I got hacked by some fool.
- Don’t use rewrite in .htaccess file. The hack left some changes to the .htaccess file. I cleaned it and left a basic .htaccess file in the root.
- a menu.php file is needed in the wp-admin directory. This hack also left changes to menu.php. I renamed it, but WordPress needs a menu.php file.
- reinstall 6.1 once I’m able to access app-admin. By now, I was able to access the admin panel. I immediately reinstalled WordPress 6.1 to get a relatively clean fresh install.
That should clean things up. To find clues on how to repair the hack I used my Error logs and, surprisingly, ChatGPT. At five in the morning, I sat in the dark and had a conversation with ChatGPT. Surprisingly, I had a conversation with the AI and it actually pointed me in the right directions and helped me figure out what needed to be done. The most egregious part of the hack were the REWRITE statements we found in the .htaccess file. The REWRITE commands allowed the menu.php file to be corrupted with whatever madness the hacker wanted to modify. That’s as far as they got.

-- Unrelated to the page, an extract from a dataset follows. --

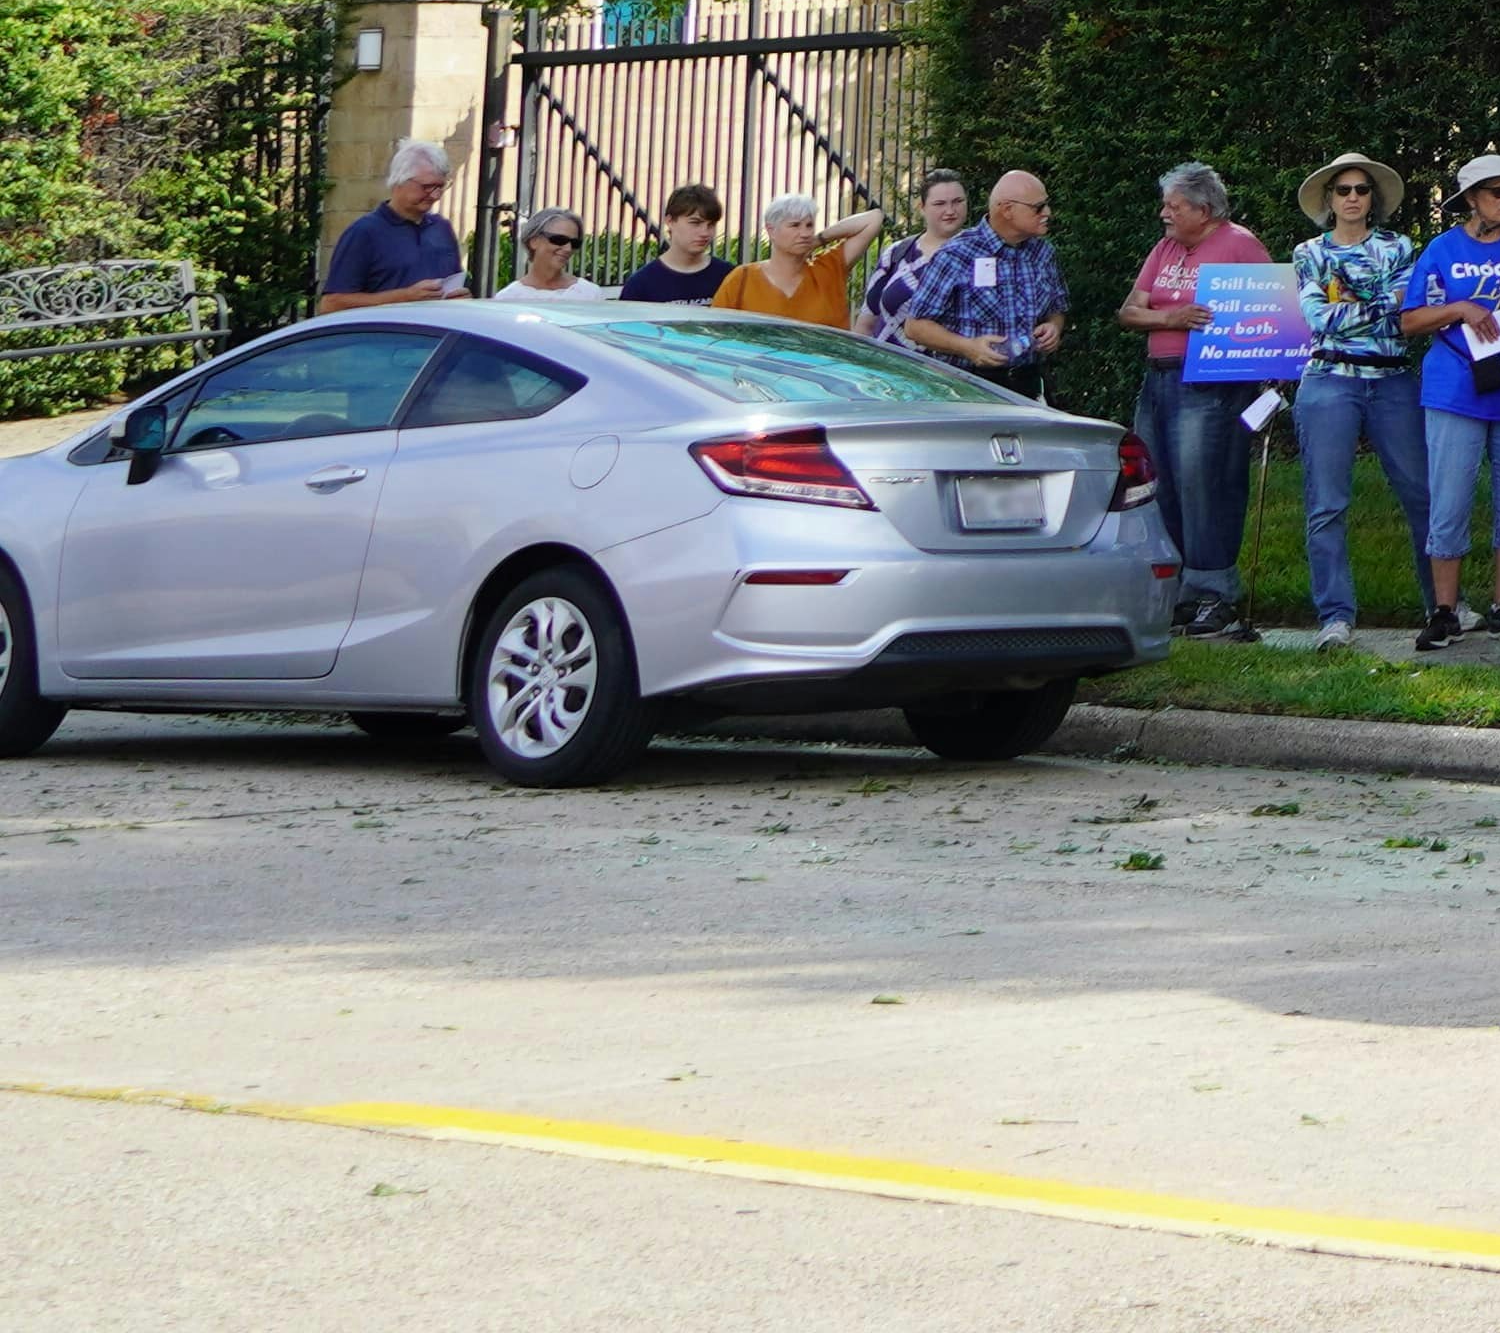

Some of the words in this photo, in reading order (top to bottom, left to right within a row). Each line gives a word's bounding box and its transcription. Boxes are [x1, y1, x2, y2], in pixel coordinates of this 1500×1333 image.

I’m unhappy with the fact that some hacker screwed my WordPress install. Thankfully, not much had been damaged by the hack. This was a basically empty site anyway, because the site that was hacked was a replacement for another site that I’ve moved offline, so there wasn’t much to lose.
However, I’m very pleased to find that ChatGPT queries helped me find the errors in the install and find my way to a fresh install that I could trust. Honestly, it was like working with an unemotional co-worker. Chatting with the AI really assisted me.